Effect of nitrate and nitrite on the selection of microorganisms in the denitrifying anaerobic methane oxidation process.

Author information

1
Advanced Water Management Centre (AWMC), The University of Queensland, Brisbane, Qld 4072, Australia School of Chemical Engineering, The University of Queensland, Brisbane, Qld 4072, Australia.

Abstract

Two cultures were inoculated with sludges taken from a parent culture containing archaea distantly related to anaerobic methanotrophic archaea (ANME) and bacteria related to Candidatus Methylomirabilis oxyfera, both of which have previously been found in cultures performing denitrifying anaerobic methane oxidation process. The cultures were fed with nitrate and nitrite, respectively, along with methane.
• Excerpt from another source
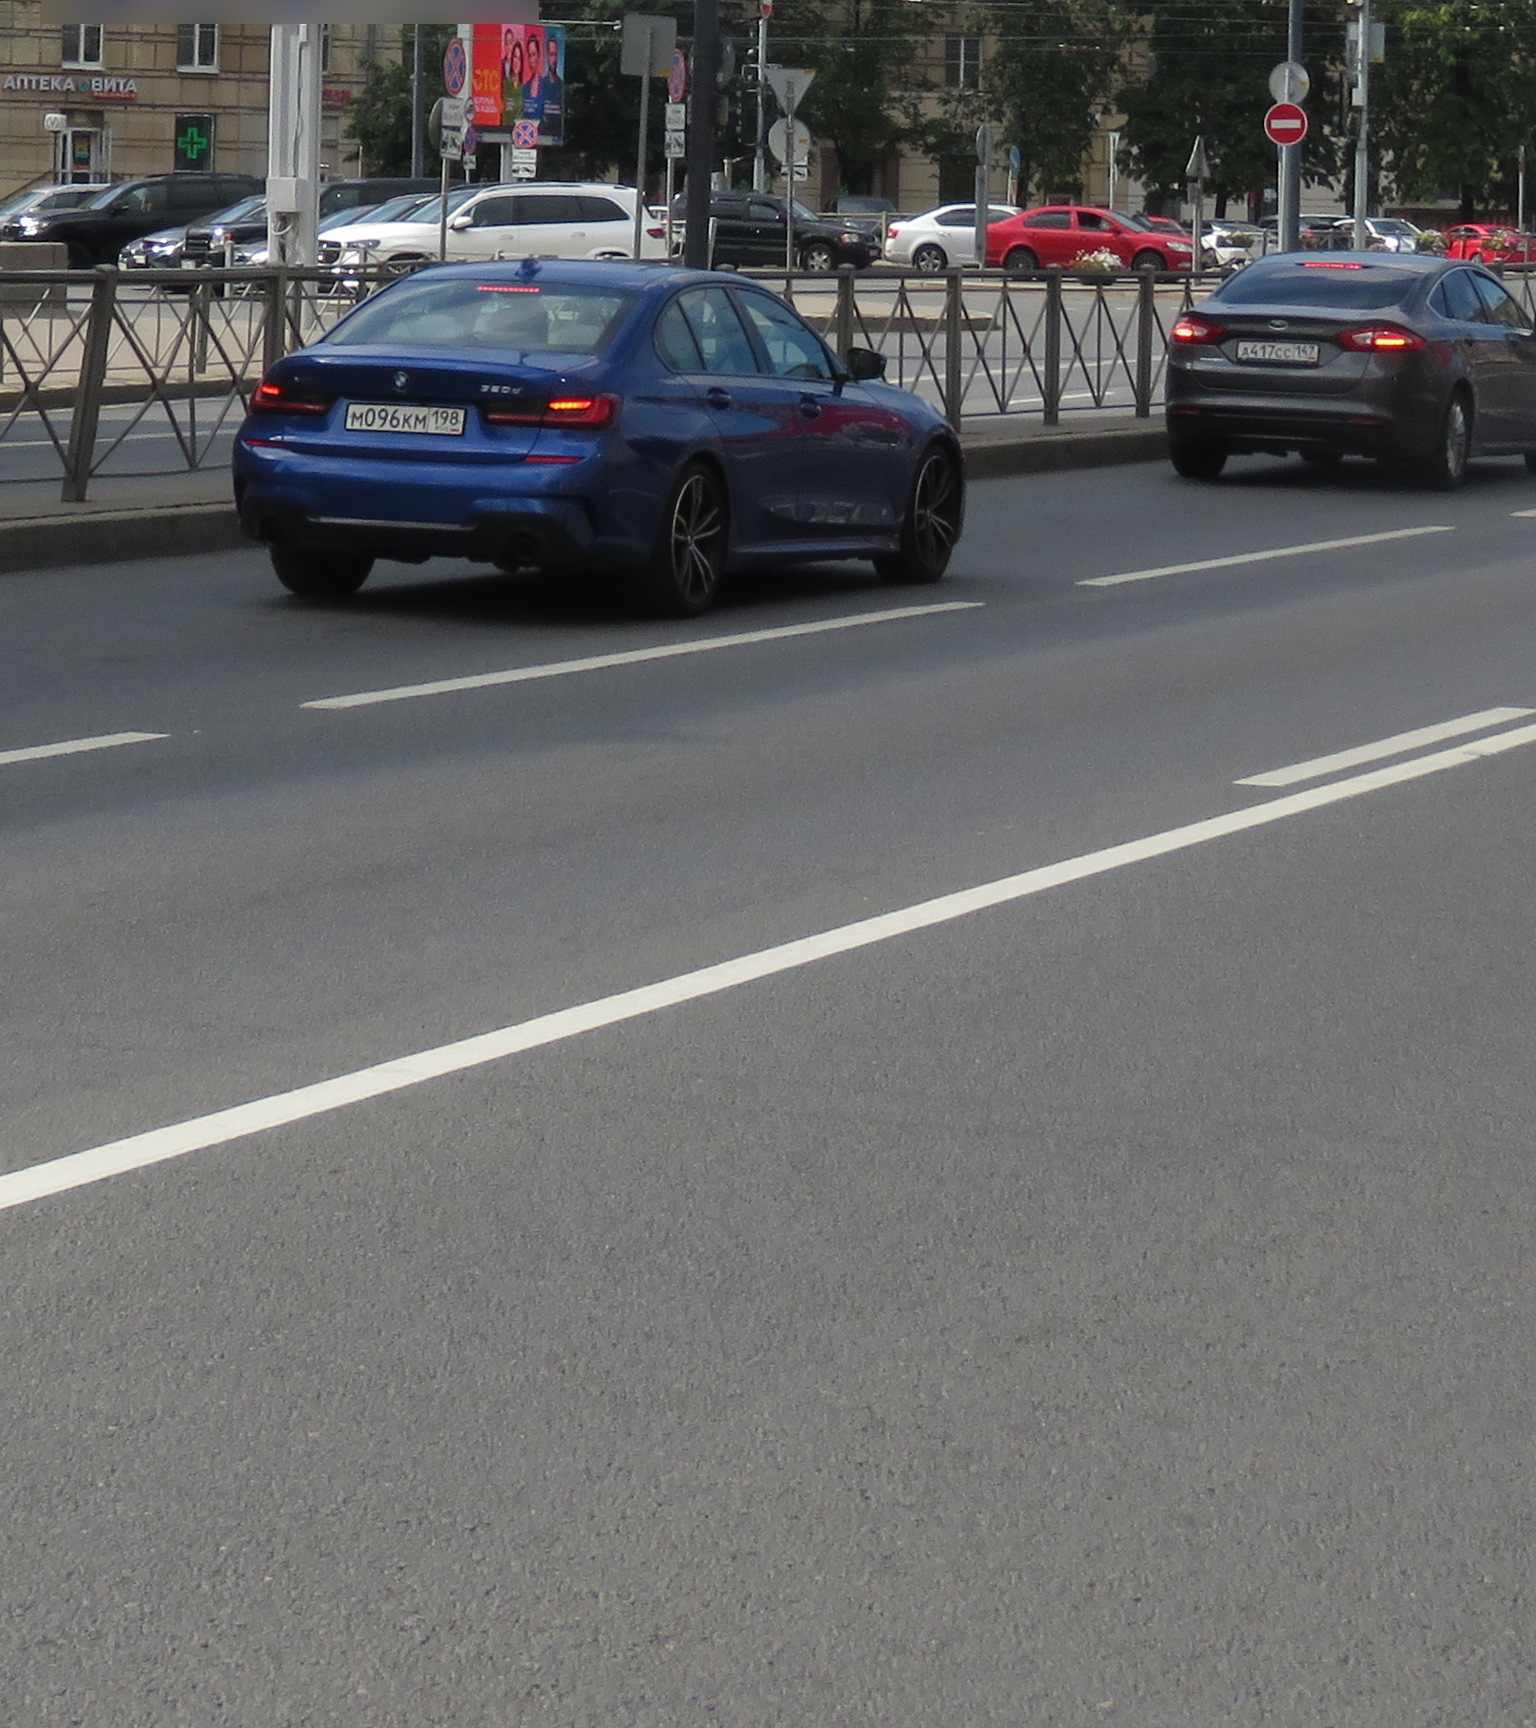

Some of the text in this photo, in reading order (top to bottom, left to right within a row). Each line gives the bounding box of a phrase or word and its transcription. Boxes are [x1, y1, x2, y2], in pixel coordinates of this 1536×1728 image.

[3, 75, 137, 93] АПТЕКА ВИТА
[432, 410, 459, 425] 198
The nitrate-fed culture, Culture B, showed a stable microbial community composition and denitrifying anaerobic methane oxidation activity. In contrast, the nitrite-fed culture, Culture A, achieved a substantial increase in the nitrite consumption rate, from 1.1 to 7.3 mmol NO2 (-) -N (g VSS)(-1) day(-1) in 90 days. Concurrent with this activity increase, the archaeal population in Culture A decreased with time, and became undetectable after 100 days, while bacteria related to M. oxyfera increasingly dominated the culture. This observation suggests that the bacteria related to M. oxyfera are more competitive for nitrite reduction compared with the archaea related to ANME. This study showed that nitrate or nitrite feeding has a significant impact on the ecology and activities of microorganisms in the denitrifying anaerobic methane oxidation process. This study also revealed that nitrite overloading may have a toxic effect on the bacteria related to M. oxyfera.